▸ Required work: Copy all records exactly, excluding images.

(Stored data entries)
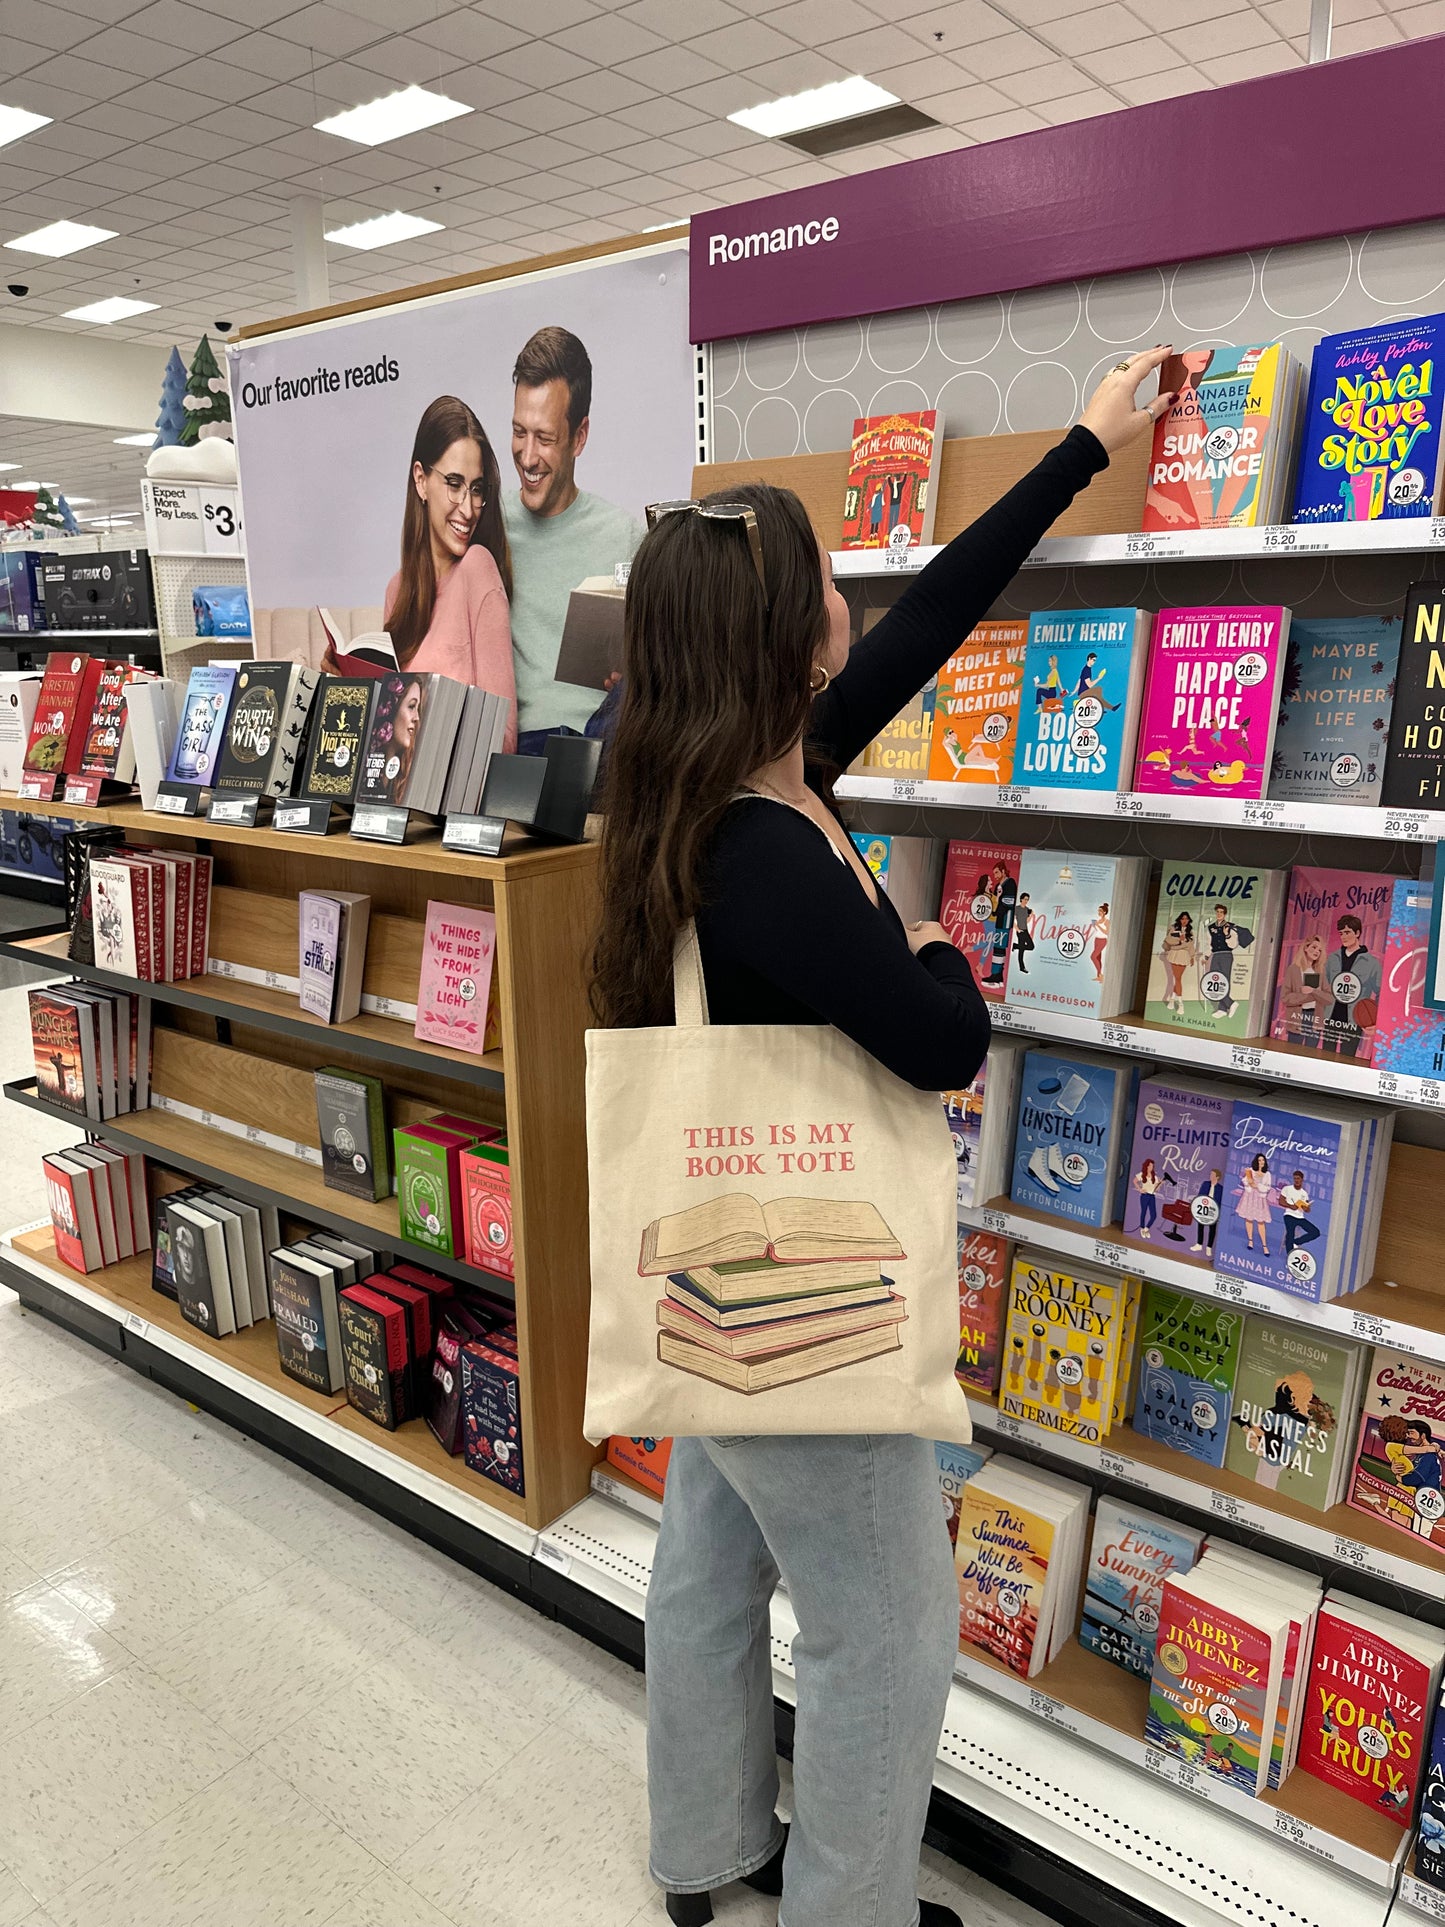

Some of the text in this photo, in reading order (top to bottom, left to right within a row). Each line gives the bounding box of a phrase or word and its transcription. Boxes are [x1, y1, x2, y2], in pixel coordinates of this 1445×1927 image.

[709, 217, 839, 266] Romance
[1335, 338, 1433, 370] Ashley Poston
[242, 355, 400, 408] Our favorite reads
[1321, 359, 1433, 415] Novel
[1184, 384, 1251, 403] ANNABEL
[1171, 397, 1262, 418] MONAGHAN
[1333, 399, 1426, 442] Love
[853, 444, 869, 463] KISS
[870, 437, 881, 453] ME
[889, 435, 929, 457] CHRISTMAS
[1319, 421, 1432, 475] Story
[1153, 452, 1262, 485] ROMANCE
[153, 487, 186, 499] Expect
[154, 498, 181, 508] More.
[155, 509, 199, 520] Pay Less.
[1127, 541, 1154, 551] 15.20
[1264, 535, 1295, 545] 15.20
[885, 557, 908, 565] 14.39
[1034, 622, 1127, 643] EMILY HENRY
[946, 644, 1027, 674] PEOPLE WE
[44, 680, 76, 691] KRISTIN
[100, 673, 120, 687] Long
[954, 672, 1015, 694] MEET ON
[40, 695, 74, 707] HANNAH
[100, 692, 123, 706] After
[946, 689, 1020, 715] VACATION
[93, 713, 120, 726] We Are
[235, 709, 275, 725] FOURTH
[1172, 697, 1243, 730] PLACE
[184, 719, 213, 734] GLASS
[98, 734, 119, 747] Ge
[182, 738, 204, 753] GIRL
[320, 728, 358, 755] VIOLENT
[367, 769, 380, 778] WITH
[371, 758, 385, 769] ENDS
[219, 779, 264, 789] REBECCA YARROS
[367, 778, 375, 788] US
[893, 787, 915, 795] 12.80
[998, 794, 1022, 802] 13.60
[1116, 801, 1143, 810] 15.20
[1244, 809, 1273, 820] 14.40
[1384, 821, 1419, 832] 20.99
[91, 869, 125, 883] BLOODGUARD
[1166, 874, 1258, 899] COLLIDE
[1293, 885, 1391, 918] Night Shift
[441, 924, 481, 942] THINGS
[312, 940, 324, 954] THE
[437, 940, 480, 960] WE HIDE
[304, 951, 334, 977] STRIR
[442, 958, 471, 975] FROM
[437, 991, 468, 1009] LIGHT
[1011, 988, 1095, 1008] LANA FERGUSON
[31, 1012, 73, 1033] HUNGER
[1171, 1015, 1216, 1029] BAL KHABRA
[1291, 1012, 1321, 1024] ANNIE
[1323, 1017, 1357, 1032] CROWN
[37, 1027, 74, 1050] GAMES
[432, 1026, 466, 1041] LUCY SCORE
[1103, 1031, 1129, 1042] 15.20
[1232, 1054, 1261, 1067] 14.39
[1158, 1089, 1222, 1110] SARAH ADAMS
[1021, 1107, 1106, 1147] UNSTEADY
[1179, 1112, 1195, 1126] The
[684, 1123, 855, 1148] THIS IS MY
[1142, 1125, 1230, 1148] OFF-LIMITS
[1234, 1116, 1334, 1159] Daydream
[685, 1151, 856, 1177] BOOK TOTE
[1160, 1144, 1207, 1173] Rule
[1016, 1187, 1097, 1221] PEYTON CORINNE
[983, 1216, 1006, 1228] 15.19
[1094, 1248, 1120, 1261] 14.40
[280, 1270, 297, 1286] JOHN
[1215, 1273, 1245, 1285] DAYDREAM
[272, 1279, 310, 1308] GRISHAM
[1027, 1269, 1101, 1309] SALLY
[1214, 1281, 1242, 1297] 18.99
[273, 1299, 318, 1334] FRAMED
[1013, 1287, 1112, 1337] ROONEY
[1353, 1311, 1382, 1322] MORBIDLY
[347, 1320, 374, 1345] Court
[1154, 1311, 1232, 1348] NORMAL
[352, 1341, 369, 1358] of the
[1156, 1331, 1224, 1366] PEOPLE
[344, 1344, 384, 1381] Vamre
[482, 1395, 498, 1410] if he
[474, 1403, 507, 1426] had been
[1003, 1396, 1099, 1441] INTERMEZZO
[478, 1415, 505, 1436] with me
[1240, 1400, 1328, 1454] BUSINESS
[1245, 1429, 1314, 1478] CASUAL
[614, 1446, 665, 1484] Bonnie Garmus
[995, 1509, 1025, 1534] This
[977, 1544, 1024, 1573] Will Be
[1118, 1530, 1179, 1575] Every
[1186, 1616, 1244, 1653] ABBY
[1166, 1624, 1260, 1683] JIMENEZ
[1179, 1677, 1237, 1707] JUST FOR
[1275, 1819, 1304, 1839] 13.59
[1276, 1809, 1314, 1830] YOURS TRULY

▸ Response to the exercise:
Some of the text in this photo, in reading order (top to bottom, left to right within a row). Each line gives the bounding box of a phrase or word and its transcription. Boxes are [x1, y1, x2, y2], in pixel coordinates of this 1445×1927 image.

[709, 217, 839, 266] Romance
[1335, 338, 1433, 370] Ashley Poston
[242, 355, 400, 408] Our favorite reads
[1321, 359, 1433, 415] Novel
[1184, 384, 1251, 403] ANNABEL
[1171, 397, 1262, 418] MONAGHAN
[1333, 399, 1426, 442] Love
[853, 444, 869, 463] KISS
[870, 437, 881, 453] ME
[889, 435, 929, 457] CHRISTMAS
[1319, 421, 1432, 475] Story
[1153, 452, 1262, 485] ROMANCE
[153, 487, 186, 499] Expect
[154, 498, 181, 508] More.
[155, 509, 199, 520] Pay Less.
[1127, 541, 1154, 551] 15.20
[1264, 535, 1295, 545] 15.20
[885, 557, 908, 565] 14.39
[1034, 622, 1127, 643] EMILY HENRY
[946, 644, 1027, 674] PEOPLE WE
[44, 680, 76, 691] KRISTIN
[100, 673, 120, 687] Long
[954, 672, 1015, 694] MEET ON
[40, 695, 74, 707] HANNAH
[100, 692, 123, 706] After
[946, 689, 1020, 715] VACATION
[93, 713, 120, 726] We Are
[235, 709, 275, 725] FOURTH
[1172, 697, 1243, 730] PLACE
[184, 719, 213, 734] GLASS
[98, 734, 119, 747] Ge
[182, 738, 204, 753] GIRL
[320, 728, 358, 755] VIOLENT
[367, 769, 380, 778] WITH
[371, 758, 385, 769] ENDS
[219, 779, 264, 789] REBECCA YARROS
[367, 778, 375, 788] US
[893, 787, 915, 795] 12.80
[998, 794, 1022, 802] 13.60
[1116, 801, 1143, 810] 15.20
[1244, 809, 1273, 820] 14.40
[1384, 821, 1419, 832] 20.99
[91, 869, 125, 883] BLOODGUARD
[1166, 874, 1258, 899] COLLIDE
[1293, 885, 1391, 918] Night Shift
[441, 924, 481, 942] THINGS
[312, 940, 324, 954] THE
[437, 940, 480, 960] WE HIDE
[304, 951, 334, 977] STRIR
[442, 958, 471, 975] FROM
[437, 991, 468, 1009] LIGHT
[1011, 988, 1095, 1008] LANA FERGUSON
[31, 1012, 73, 1033] HUNGER
[1171, 1015, 1216, 1029] BAL KHABRA
[1291, 1012, 1321, 1024] ANNIE
[1323, 1017, 1357, 1032] CROWN
[37, 1027, 74, 1050] GAMES
[432, 1026, 466, 1041] LUCY SCORE
[1103, 1031, 1129, 1042] 15.20
[1232, 1054, 1261, 1067] 14.39
[1158, 1089, 1222, 1110] SARAH ADAMS
[1021, 1107, 1106, 1147] UNSTEADY
[1179, 1112, 1195, 1126] The
[684, 1123, 855, 1148] THIS IS MY
[1142, 1125, 1230, 1148] OFF-LIMITS
[1234, 1116, 1334, 1159] Daydream
[685, 1151, 856, 1177] BOOK TOTE
[1160, 1144, 1207, 1173] Rule
[1016, 1187, 1097, 1221] PEYTON CORINNE
[983, 1216, 1006, 1228] 15.19
[1094, 1248, 1120, 1261] 14.40
[280, 1270, 297, 1286] JOHN
[1215, 1273, 1245, 1285] DAYDREAM
[272, 1279, 310, 1308] GRISHAM
[1027, 1269, 1101, 1309] SALLY
[1214, 1281, 1242, 1297] 18.99
[273, 1299, 318, 1334] FRAMED
[1013, 1287, 1112, 1337] ROONEY
[1353, 1311, 1382, 1322] MORBIDLY
[347, 1320, 374, 1345] Court
[1154, 1311, 1232, 1348] NORMAL
[352, 1341, 369, 1358] of the
[1156, 1331, 1224, 1366] PEOPLE
[344, 1344, 384, 1381] Vamre
[482, 1395, 498, 1410] if he
[474, 1403, 507, 1426] had been
[1003, 1396, 1099, 1441] INTERMEZZO
[478, 1415, 505, 1436] with me
[1240, 1400, 1328, 1454] BUSINESS
[1245, 1429, 1314, 1478] CASUAL
[614, 1446, 665, 1484] Bonnie Garmus
[995, 1509, 1025, 1534] This
[977, 1544, 1024, 1573] Will Be
[1118, 1530, 1179, 1575] Every
[1186, 1616, 1244, 1653] ABBY
[1166, 1624, 1260, 1683] JIMENEZ
[1179, 1677, 1237, 1707] JUST FOR
[1275, 1819, 1304, 1839] 13.59
[1276, 1809, 1314, 1830] YOURS TRULY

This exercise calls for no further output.